Skip to contents

This data set is the combination of two datasets that were created, using red and white wine samples. The inputs include objective tests (e.g. PH values) and the output is based on sensory data (median of at least 3 evaluations made by wine experts). Each expert graded the wine quality between 0 (very bad) and 10 (very excellent). Several data mining methods were applied to model these datasets under a regression approach. The support vector machine model achieved the best results. Several metrics were computed: MAD, confusion matrix for a fixed error tolerance (T), etc.
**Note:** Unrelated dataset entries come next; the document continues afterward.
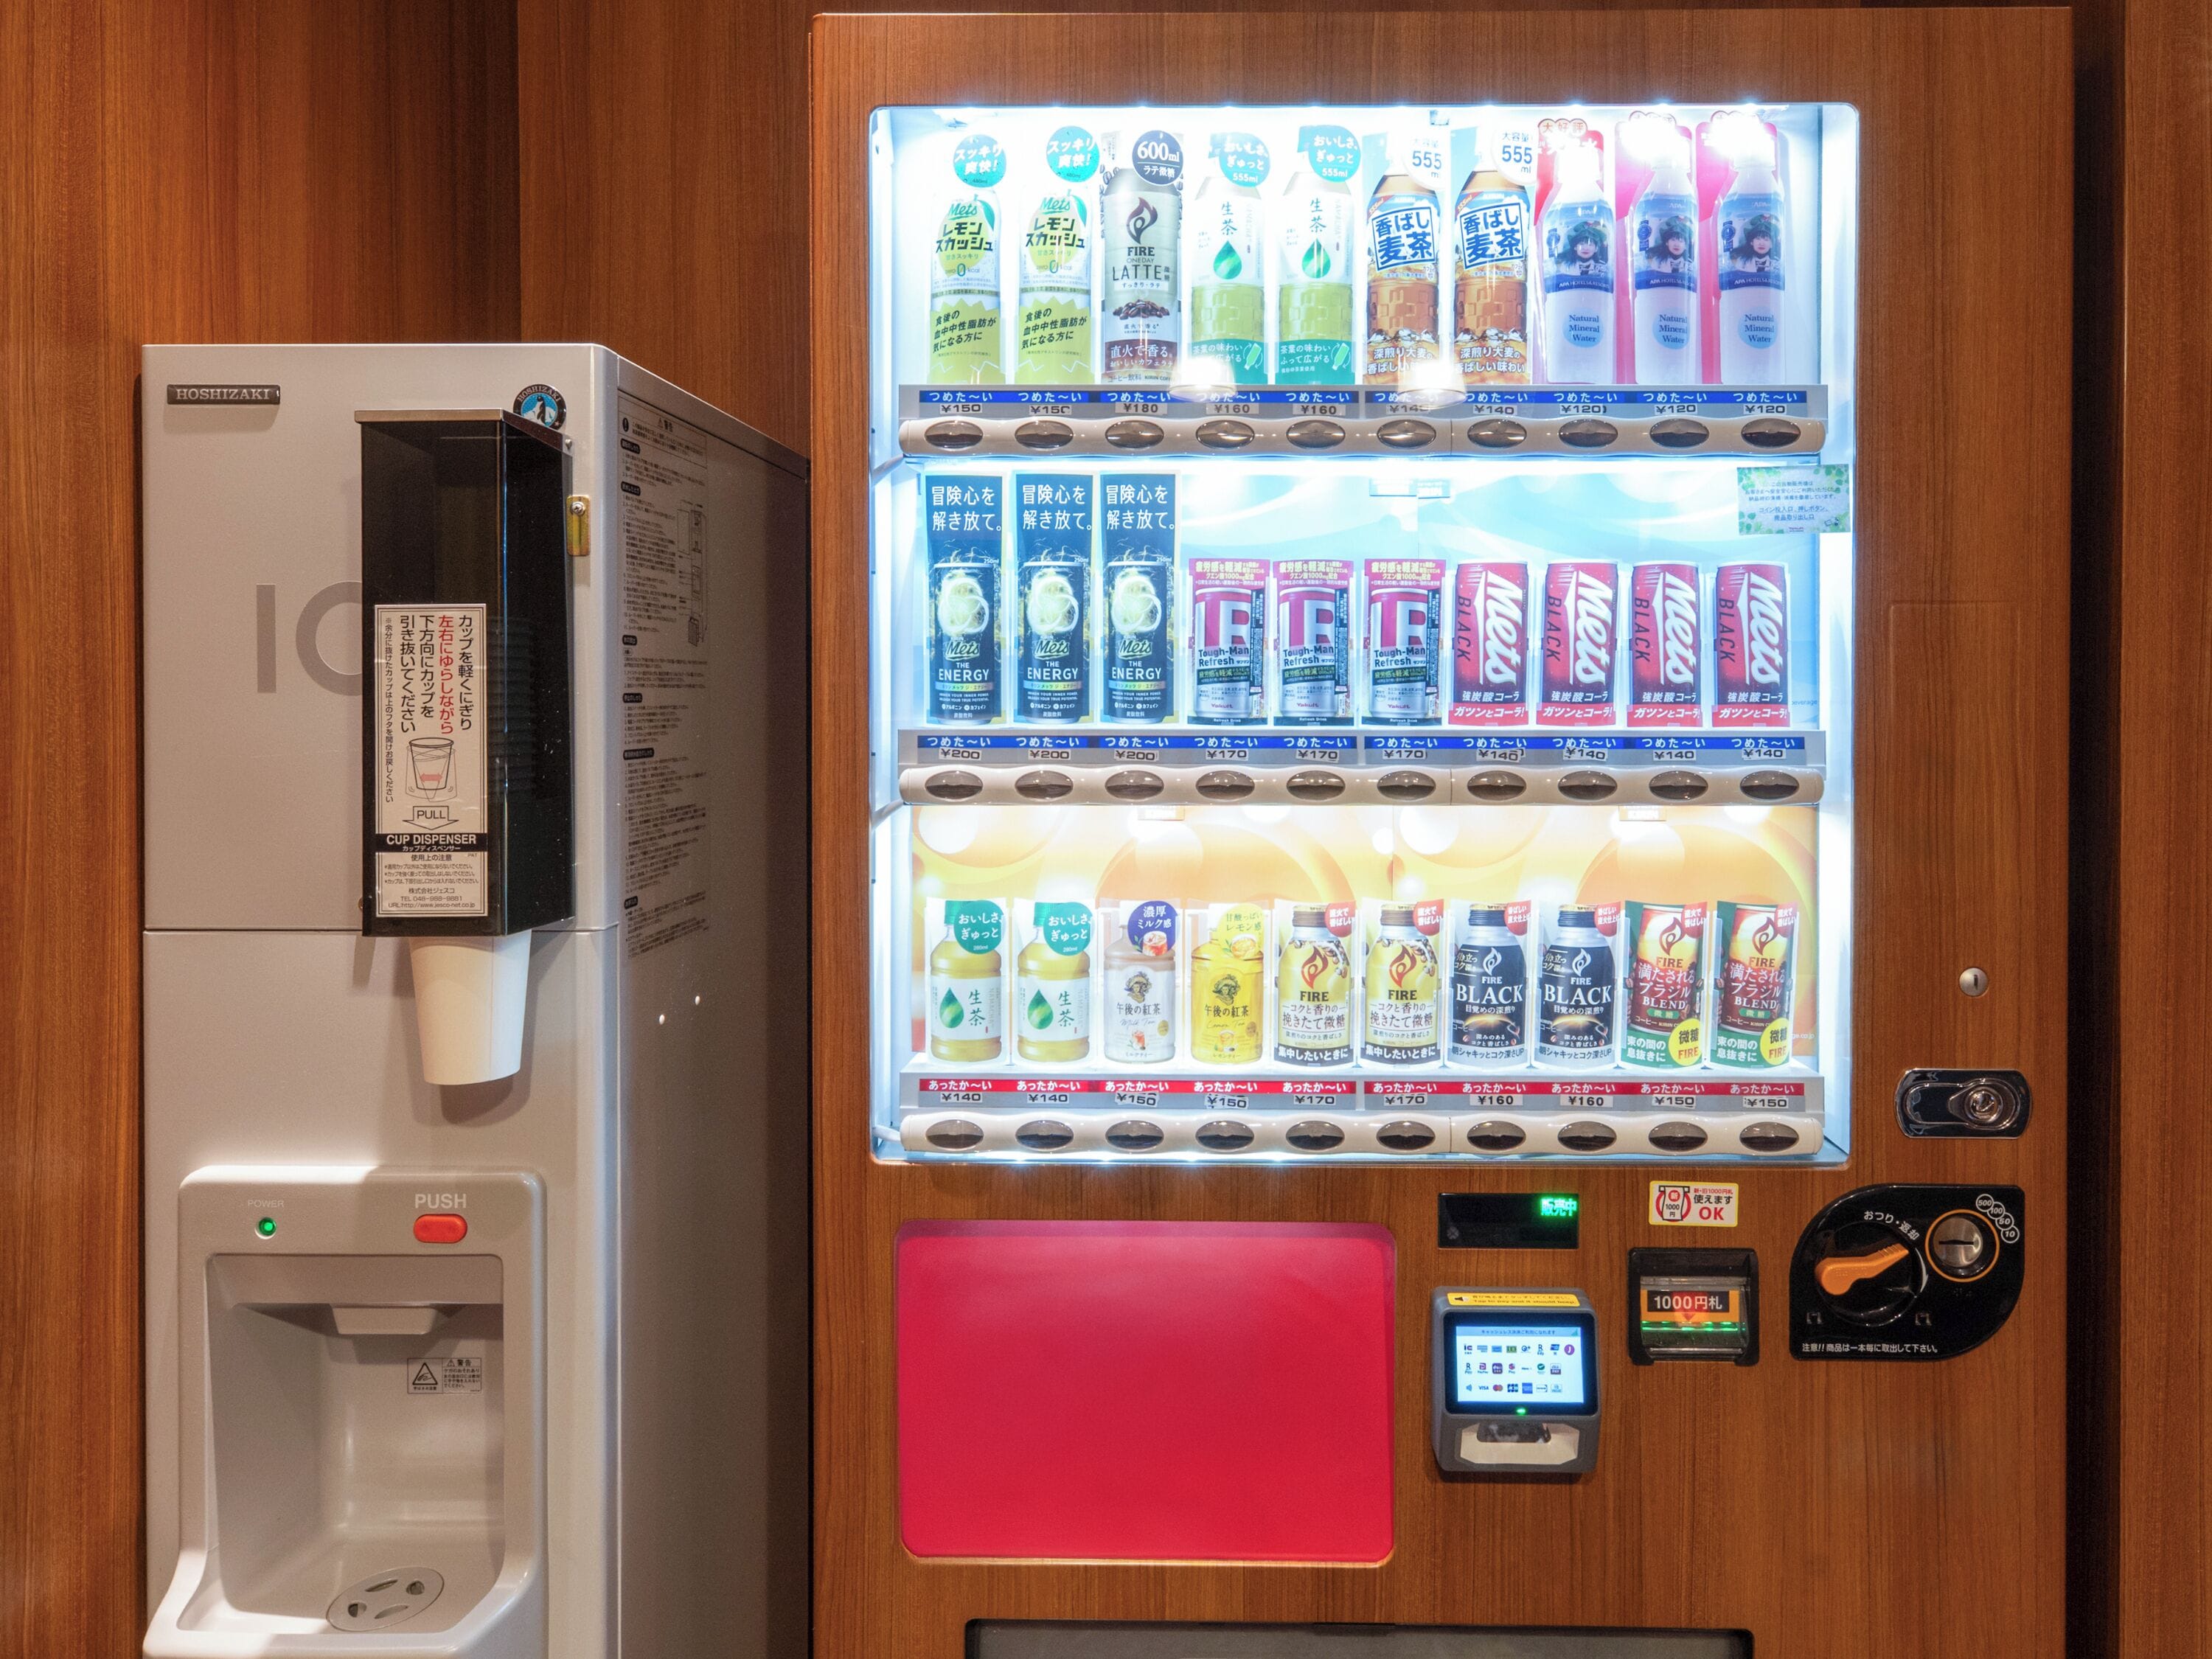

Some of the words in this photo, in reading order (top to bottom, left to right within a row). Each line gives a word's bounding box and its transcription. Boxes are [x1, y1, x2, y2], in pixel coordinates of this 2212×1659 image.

[1502, 132, 1530, 143] 大容量
[1047, 137, 1096, 154] スッキリ
[1137, 141, 1180, 162] 600ml
[1502, 145, 1532, 164] 555
[1144, 165, 1176, 178] ラテ微糖
[1322, 168, 1348, 178] 555ml
[1520, 165, 1531, 174] ml
[1034, 217, 1076, 232] レモン
[1375, 212, 1430, 238] 香ばし
[1463, 208, 1519, 236] 香ばし
[943, 222, 983, 237] レモン
[936, 237, 994, 254] スカッシュ
[1026, 232, 1086, 249] スカッシュ
[1464, 228, 1523, 265] 麦茶
[1377, 231, 1433, 265] 麦茶
[1113, 264, 1162, 281] LATTE
[935, 310, 960, 327] 食後の
[1569, 314, 1599, 323] Natural
[933, 317, 997, 339] 血中中性脂肪が
[1569, 324, 1601, 333] Mineral
[933, 332, 983, 353] 気になる方に
[1572, 334, 1597, 343] Water
[1280, 344, 1331, 355] 茶葉の味わい
[1460, 347, 1520, 360] 深煎り大麦の
[1280, 354, 1330, 365] ふって広がる
[176, 389, 271, 400] HOSHIZAKI
[517, 386, 561, 403] HOSHIZAKI
[941, 404, 981, 413] ¥150
[1123, 403, 1158, 413] ¥180
[1214, 404, 1250, 414] ¥160
[1301, 405, 1336, 414] ¥160
[1474, 406, 1514, 414] ¥140
[1655, 405, 1696, 414] ¥120
[1745, 405, 1785, 414] ¥120
[932, 486, 995, 507] 冒険心を
[1023, 484, 1086, 505] 冒険心を
[932, 510, 1002, 532] 解き放て。
[1023, 509, 1092, 531] 解き放て。
[945, 640, 979, 660] Mets
[1198, 646, 1249, 658] Tough-Man
[420, 614, 435, 718] 下方向にカップを
[1199, 657, 1234, 667] Refresh
[1284, 655, 1318, 667] Refresh
[400, 614, 415, 733] 引き抜いてください
[438, 614, 454, 734] 左右にゆらしながら
[458, 614, 474, 731] カップを軽くにぎり
[939, 668, 990, 682] ENERGY
[1027, 667, 1078, 681] ENERGY
[1462, 691, 1520, 703] 強炭酸コーラ
[1551, 691, 1608, 703] 強炭酸コーラ
[1454, 706, 1525, 718] ガツンとコーラ!
[940, 748, 979, 759] ¥200
[1029, 750, 1069, 759] ¥200
[1206, 750, 1247, 759] ¥170
[1298, 750, 1338, 759] ¥170
[1655, 751, 1694, 760] ¥140
[1744, 748, 1783, 758] ¥140
[417, 810, 446, 820] PULL
[386, 835, 410, 845] CUP
[413, 834, 477, 844] DISPENSER
[1143, 905, 1166, 917] 濃厚
[1226, 912, 1262, 922] 甘酸っぱい
[1137, 918, 1172, 929] ミルク感
[1226, 923, 1262, 932] レモン感
[961, 928, 999, 940] ぎゅっと
[1638, 963, 1695, 984] 満たされる
[1300, 991, 1329, 1002] FIRE
[1388, 990, 1417, 1001] FIRE
[1456, 984, 1523, 1005] BLACK
[1544, 984, 1612, 1006] BLACK
[1639, 982, 1691, 999] ブラジル
[968, 990, 986, 1026] 生茶
[1642, 996, 1686, 1009] BLEND
[1734, 996, 1777, 1009] BLEND
[1116, 1002, 1161, 1016] 午後の紅茶
[1205, 1004, 1249, 1018] 午後の紅茶
[1290, 1004, 1338, 1015] コクと香りの
[1465, 1004, 1515, 1014] 目覚めの深煎り
[1283, 1012, 1346, 1029] 挽きたて微糖
[1370, 1010, 1433, 1029] 挽きたて微糖
[1679, 1029, 1699, 1045] 微糖
[1278, 1047, 1349, 1061] 集中したいときに
[1627, 1048, 1666, 1062] 息抜きに
[942, 1093, 981, 1102] ¥140
[1029, 1094, 1068, 1102] ¥140
[1295, 1096, 1335, 1104] ¥170
[1478, 1096, 1513, 1105] ¥160
[1568, 1096, 1604, 1106] ¥160
[1655, 1096, 1694, 1105] ¥150
[247, 1199, 285, 1208] POWER
[415, 1193, 467, 1208] PUSH
[1694, 1194, 1733, 1204] 使えます
[1699, 1206, 1724, 1220] OK
[1863, 1210, 1920, 1241] おつり・返却
[1655, 1295, 1722, 1310] 1000円札
[1802, 1343, 1825, 1352] 注意!!
[1826, 1343, 1938, 1353] 商品は一本毎に取出して下さい。
Also, we plot the relative importances of the input variables (as measured by a sensitivity analysis procedure).

Usage

wine

Format

A data frame with 6497 observations (1599 Red and 4898 White) on the following 12 variables.

  • fixed acidity

  • volatile acidity

  • citric acid

  • residual sugar

  • chlorides

  • free sulfur dioxide

  • total sulfur dioxide

  • density

  • pH

  • sulphates

  • alcohol

  • quality

    • Score between 0 and 10 based on sensor reading

  • color

    • "White" or "Red"

Source

P. Cortez, A. Cerdeira, F. Almeida, T. Matos and J. Reis. Modeling wine preferences by data mining from physicochemical properties. In Decision Support Systems, Elsevier, 47(4):547-553. ISSN: 0167-9236.